取りかこまれて芝居の切符なんかやつてるところだが、目がさめてさすがに寂しかつた。襟許が寒かつたよ。
随分二人で遊んだからな。会計はかはり番古にやることにしてゐたが、本因坊は地味だらう、私が芸者を八人も九人も呼ぶとそはそはして便所にばかり立つてゐるんだ。それで、
「本因坊さん、この口は私がもつよ」
と言ふと落着くんだ。
若い頃は、二人して新宿にも吉原にも遊びによく行つた。木村義雄は吉原の朝帰りの拾ひものなんだ。

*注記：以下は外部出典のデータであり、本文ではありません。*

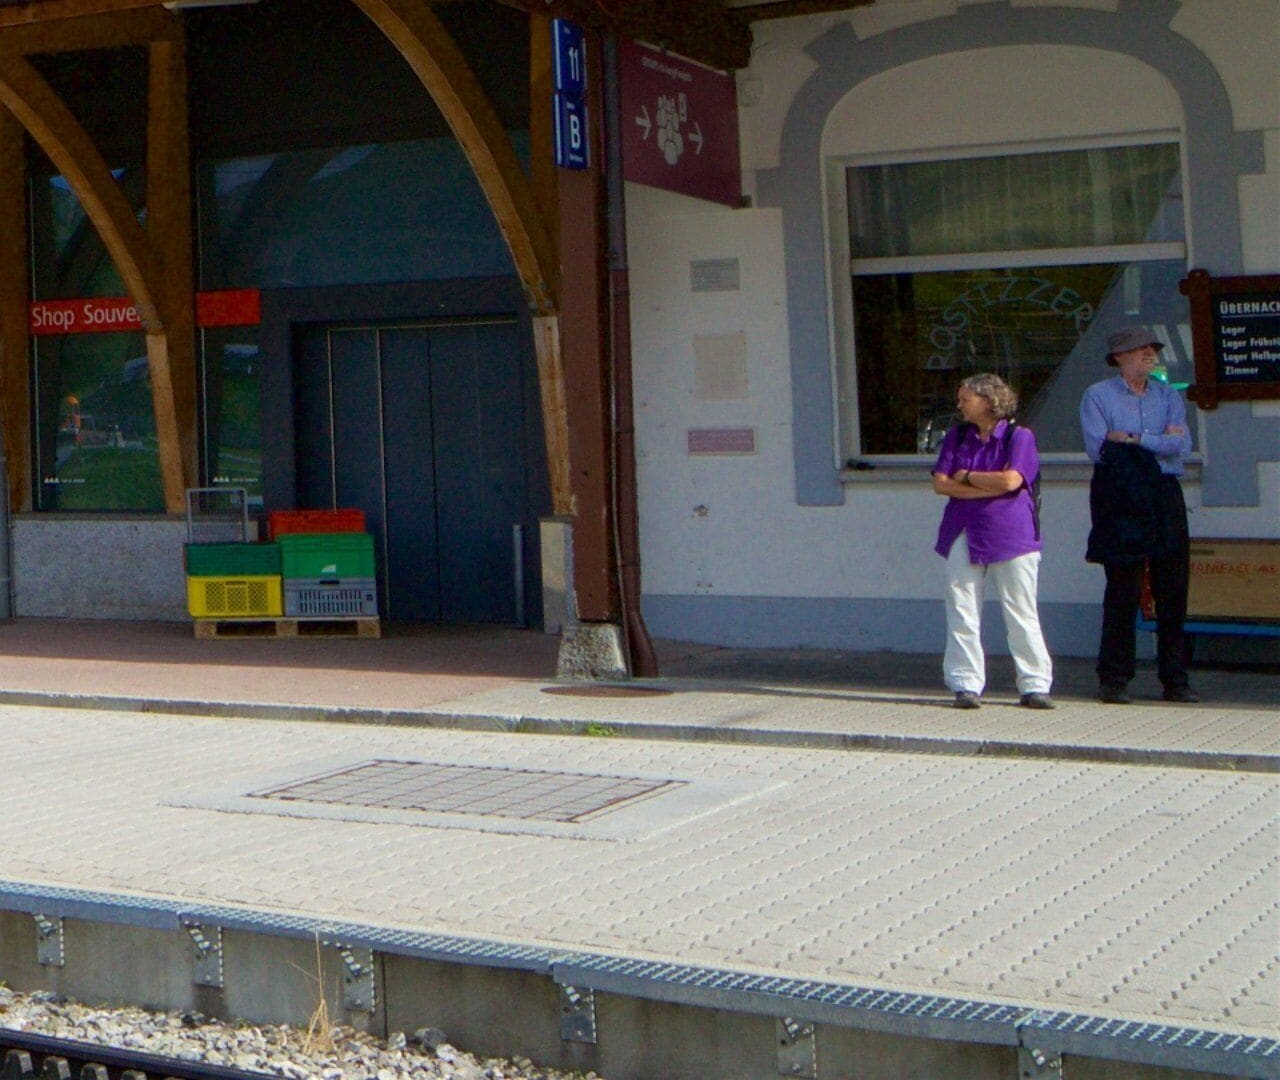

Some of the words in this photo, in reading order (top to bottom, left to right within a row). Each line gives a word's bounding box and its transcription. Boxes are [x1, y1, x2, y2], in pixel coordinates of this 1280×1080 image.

[569, 46, 579, 82] 11
[570, 114, 581, 149] B
[32, 307, 74, 330] Shop
[1225, 366, 1259, 375] Zimmer
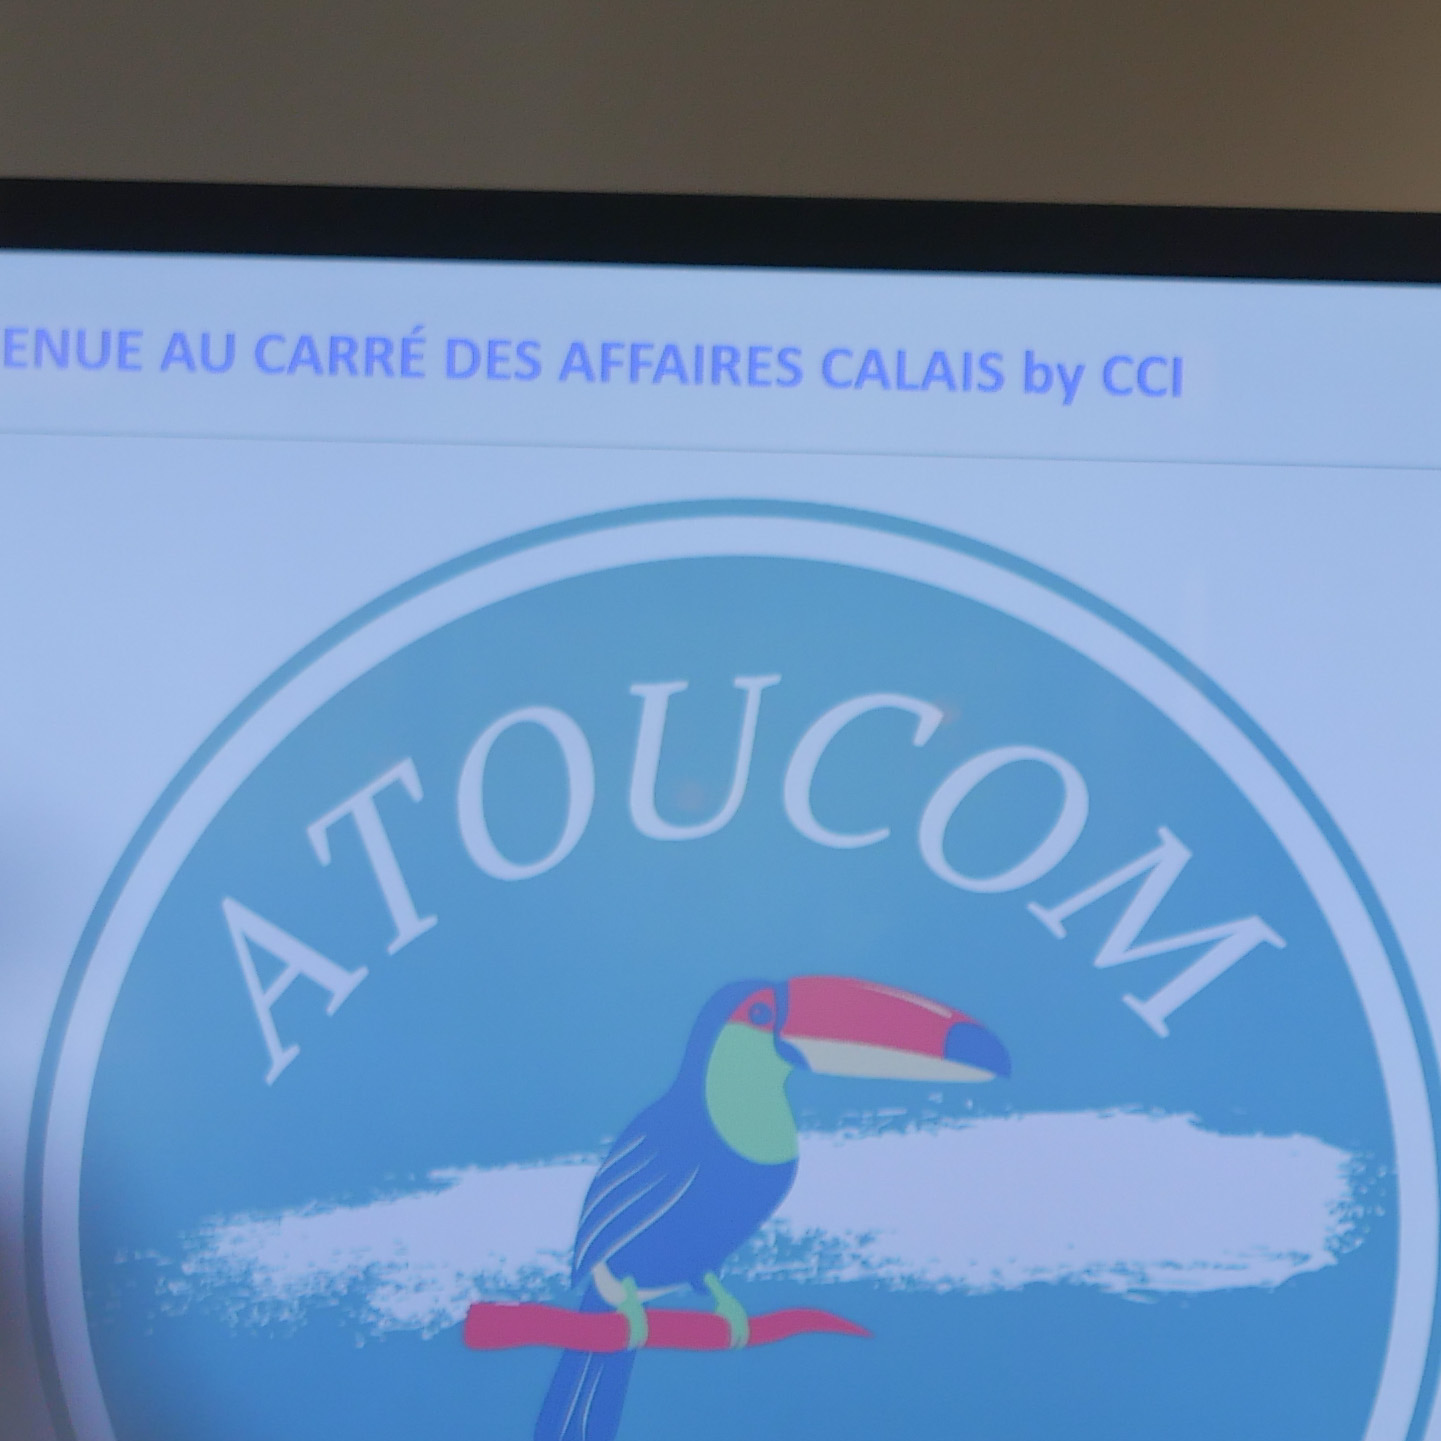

その時も本因坊と二人で、浅草の草津温泉の近くの伊藤作次郎といふ人のやつてる将棋会所の前を通ると、
「先生! 寄つてつて下さい」
と無理に引つぱり込れて、坐敷に上つてみると小さな可愛いゝ子供が一生懸命指してるんだ。見てゐると本因坊が
「なかなか筋がよさゝうぢやないか!」
と言ふんだ。私もさつきから内心感心してゐたんで、
「坊や、俺が一番指してやらう」
と六枚落かで、五番ほど指してやつた。これがいまの木村名人さ。矢張畑は違つても本因坊の目のつけ処はたしかなもんだ。
吉原からの朝帰りの拾ひものとしては、大物を拾つたものさ。